• **Instructions for the task**: The output should be identical to the entries that follow.

(Data for this task begins)

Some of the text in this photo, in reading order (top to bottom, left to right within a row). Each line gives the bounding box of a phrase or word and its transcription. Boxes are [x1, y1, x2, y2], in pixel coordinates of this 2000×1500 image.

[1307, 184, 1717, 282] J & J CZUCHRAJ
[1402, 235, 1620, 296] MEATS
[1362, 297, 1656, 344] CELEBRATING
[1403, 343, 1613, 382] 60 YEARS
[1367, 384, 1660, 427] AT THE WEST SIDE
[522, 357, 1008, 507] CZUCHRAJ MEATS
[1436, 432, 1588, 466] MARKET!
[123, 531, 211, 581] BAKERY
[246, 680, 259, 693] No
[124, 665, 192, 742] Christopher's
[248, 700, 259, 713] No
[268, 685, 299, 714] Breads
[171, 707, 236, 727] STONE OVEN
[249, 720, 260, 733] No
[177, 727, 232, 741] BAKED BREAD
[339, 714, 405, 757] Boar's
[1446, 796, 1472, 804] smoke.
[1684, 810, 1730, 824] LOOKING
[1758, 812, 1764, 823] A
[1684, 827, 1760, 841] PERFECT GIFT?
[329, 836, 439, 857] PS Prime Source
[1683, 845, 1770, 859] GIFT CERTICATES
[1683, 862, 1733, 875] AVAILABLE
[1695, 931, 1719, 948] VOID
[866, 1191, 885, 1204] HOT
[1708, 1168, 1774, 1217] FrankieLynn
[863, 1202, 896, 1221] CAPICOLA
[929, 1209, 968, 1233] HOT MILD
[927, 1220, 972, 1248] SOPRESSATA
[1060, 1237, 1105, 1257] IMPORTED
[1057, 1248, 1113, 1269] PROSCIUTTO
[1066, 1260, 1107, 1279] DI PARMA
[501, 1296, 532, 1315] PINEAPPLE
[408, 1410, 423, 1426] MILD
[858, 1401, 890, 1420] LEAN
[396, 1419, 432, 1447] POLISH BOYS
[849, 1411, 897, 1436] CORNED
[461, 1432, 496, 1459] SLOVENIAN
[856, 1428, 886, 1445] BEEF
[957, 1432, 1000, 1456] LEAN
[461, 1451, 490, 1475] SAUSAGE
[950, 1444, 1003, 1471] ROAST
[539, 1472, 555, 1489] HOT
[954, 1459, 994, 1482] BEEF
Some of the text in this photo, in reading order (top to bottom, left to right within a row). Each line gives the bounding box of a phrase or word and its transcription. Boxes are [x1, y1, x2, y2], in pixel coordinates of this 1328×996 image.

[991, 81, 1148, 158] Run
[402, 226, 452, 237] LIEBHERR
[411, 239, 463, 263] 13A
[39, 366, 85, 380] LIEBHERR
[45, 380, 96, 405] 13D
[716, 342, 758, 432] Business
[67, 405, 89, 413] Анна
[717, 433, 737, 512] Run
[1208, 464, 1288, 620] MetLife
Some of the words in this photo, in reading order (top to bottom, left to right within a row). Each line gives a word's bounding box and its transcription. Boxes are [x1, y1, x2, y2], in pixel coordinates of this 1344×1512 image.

(Data for this task ends)

• **Exercise result**:
Some of the text in this photo, in reading order (top to bottom, left to right within a row). Each line gives the bounding box of a phrase or word and its transcription. Boxes are [x1, y1, x2, y2], in pixel coordinates of this 2000×1500 image.

[1307, 184, 1717, 282] J & J CZUCHRAJ
[1402, 235, 1620, 296] MEATS
[1362, 297, 1656, 344] CELEBRATING
[1403, 343, 1613, 382] 60 YEARS
[1367, 384, 1660, 427] AT THE WEST SIDE
[522, 357, 1008, 507] CZUCHRAJ MEATS
[1436, 432, 1588, 466] MARKET!
[123, 531, 211, 581] BAKERY
[246, 680, 259, 693] No
[124, 665, 192, 742] Christopher's
[248, 700, 259, 713] No
[268, 685, 299, 714] Breads
[171, 707, 236, 727] STONE OVEN
[249, 720, 260, 733] No
[177, 727, 232, 741] BAKED BREAD
[339, 714, 405, 757] Boar's
[1446, 796, 1472, 804] smoke.
[1684, 810, 1730, 824] LOOKING
[1758, 812, 1764, 823] A
[1684, 827, 1760, 841] PERFECT GIFT?
[329, 836, 439, 857] PS Prime Source
[1683, 845, 1770, 859] GIFT CERTICATES
[1683, 862, 1733, 875] AVAILABLE
[1695, 931, 1719, 948] VOID
[866, 1191, 885, 1204] HOT
[1708, 1168, 1774, 1217] FrankieLynn
[863, 1202, 896, 1221] CAPICOLA
[929, 1209, 968, 1233] HOT MILD
[927, 1220, 972, 1248] SOPRESSATA
[1060, 1237, 1105, 1257] IMPORTED
[1057, 1248, 1113, 1269] PROSCIUTTO
[1066, 1260, 1107, 1279] DI PARMA
[501, 1296, 532, 1315] PINEAPPLE
[408, 1410, 423, 1426] MILD
[858, 1401, 890, 1420] LEAN
[396, 1419, 432, 1447] POLISH BOYS
[849, 1411, 897, 1436] CORNED
[461, 1432, 496, 1459] SLOVENIAN
[856, 1428, 886, 1445] BEEF
[957, 1432, 1000, 1456] LEAN
[461, 1451, 490, 1475] SAUSAGE
[950, 1444, 1003, 1471] ROAST
[539, 1472, 555, 1489] HOT
[954, 1459, 994, 1482] BEEF
Some of the text in this photo, in reading order (top to bottom, left to right within a row). Each line gives the bounding box of a phrase or word and its transcription. Boxes are [x1, y1, x2, y2], in pixel coordinates of this 1328×996 image.

[991, 81, 1148, 158] Run
[402, 226, 452, 237] LIEBHERR
[411, 239, 463, 263] 13A
[39, 366, 85, 380] LIEBHERR
[45, 380, 96, 405] 13D
[716, 342, 758, 432] Business
[67, 405, 89, 413] Анна
[717, 433, 737, 512] Run
[1208, 464, 1288, 620] MetLife
Some of the words in this photo, in reading order (top to bottom, left to right within a row). Each line gives a word's bounding box and its transcription. Boxes are [x1, y1, x2, y2], in pixel coordinates of this 1344×1512 image.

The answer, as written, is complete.